Le Festival International Arte Flamenco de Mont de Marsan qui s'est déroulé du 30 juin au 5 juillet 2014, a remporté un véritable succès.  De par la qualité de la programmation et l'intensité des moments que le public et les artistes on vécu, nous avons considéré cette édition comme étant historique. Quelques jours après cet évènement dont nous étions encore tout imprégné, nous avons eu le plaisir d'avoir un entretien avec Sandrine Rabassa, Directrice artistique du Festival:

- Le Festival International Arte Flamenco de Mont de Marsan s’est terminé, il y a quelques jours. En tant que Directrice artistique de ce Festival, quelles sont tes impressions sur cette 26ème édition ?

- Vu les messages que je reçois et les retours que j’ai, c’était une édition spéciale, voire historique, avec des moments où le temps a été suspendu et où les spectateurs ont pu vivre des moments Flamencos qui resteront gravés dans les mémoires. Cela a été très significatif le soir de la rencontre entre Manuela Carrasco et Antonio Canales, mais aussi entre El Pele et Encarna Anillo, quand ils ont chanté ensemble sur scène; chacun est reparti avec beaucoup d’émotion et des souvenirs pour toute la vie, d’après les retours que j’ai.

- Certains aficionados fidèles au Festival affirment que, selon eux, cette édition était la meilleure.

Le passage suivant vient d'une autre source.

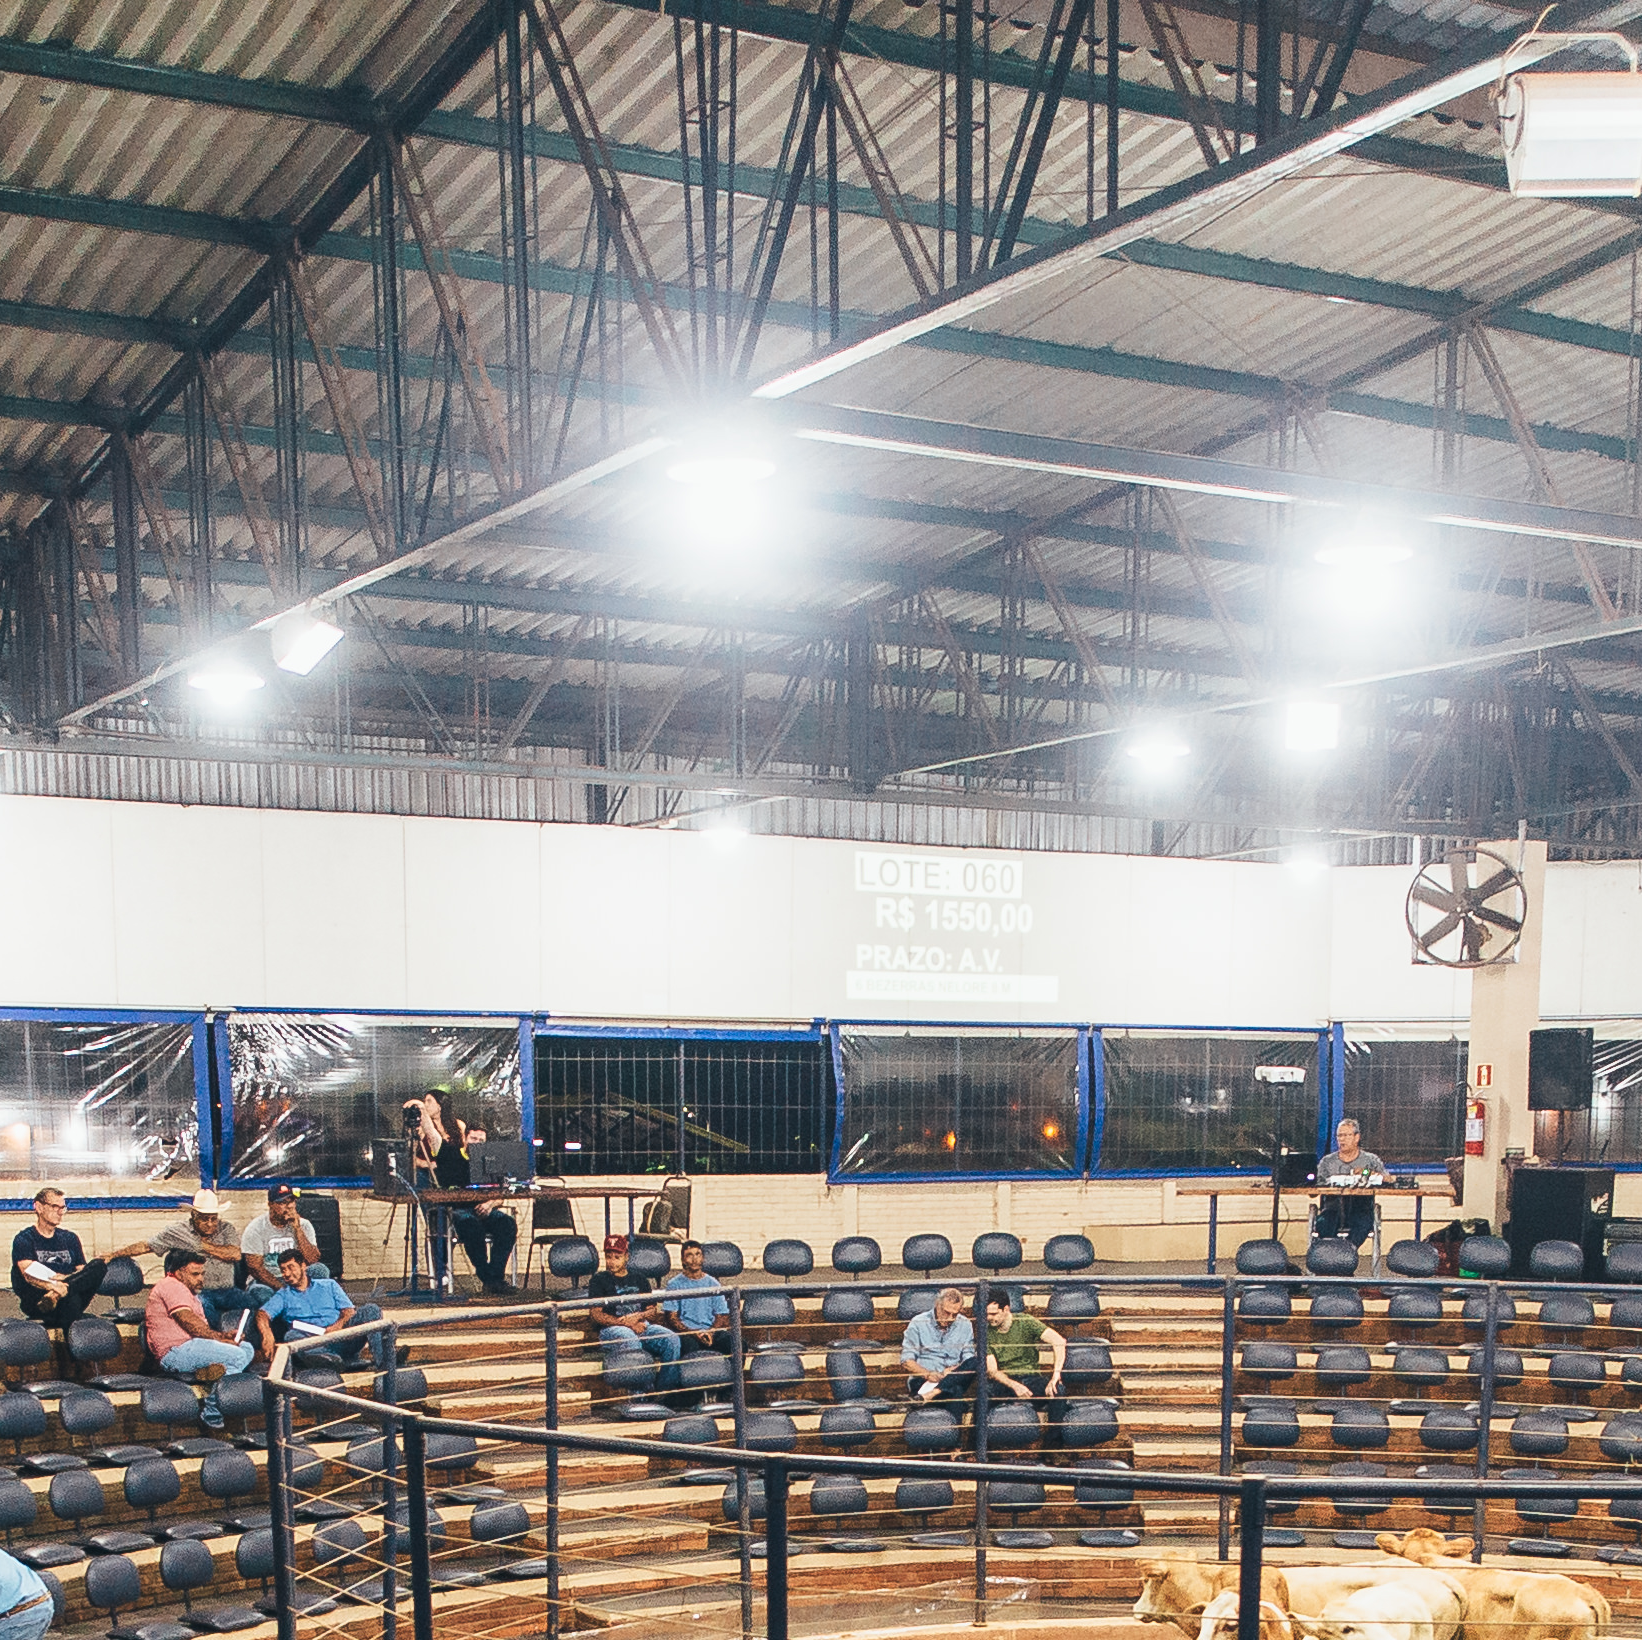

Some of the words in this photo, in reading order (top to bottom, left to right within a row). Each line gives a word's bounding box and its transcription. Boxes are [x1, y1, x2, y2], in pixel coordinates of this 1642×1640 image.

[859, 857, 950, 890] LOTE:
[963, 861, 1015, 894] 060
[876, 896, 915, 932] R$
[925, 900, 1034, 937] 1550,00
[856, 944, 953, 972] PRAZO:
[958, 947, 1004, 973] A.V.
[866, 979, 935, 993] BEZERRAS
[938, 981, 988, 994] NELORE

Qu’en penses-tu ?

- Oui, c’est ce qu’on m’a dit aussi. Les aficionados qui suivent le festival depuis ses débuts m’ont dit que cette édition était l’une des meilleures, voire la meilleure. Mais, la programmation seule ne suffit pas. C’est un ensemble qui fait qu’on touche à un moment donné, à une forme d’excellence. Tout compte: la ferveur et la passion du public et aussi de toutes les personnes qui travaillent tout au long de l’année, les équipes de François Boidron, du Conseil Général, que ce soit au niveau technique, de la mairie, toutes les personnes qui mettent du cœur et du sens pour que ce Festival soit une véritable réussite, cette année, a été véritablement significative de ce travail là.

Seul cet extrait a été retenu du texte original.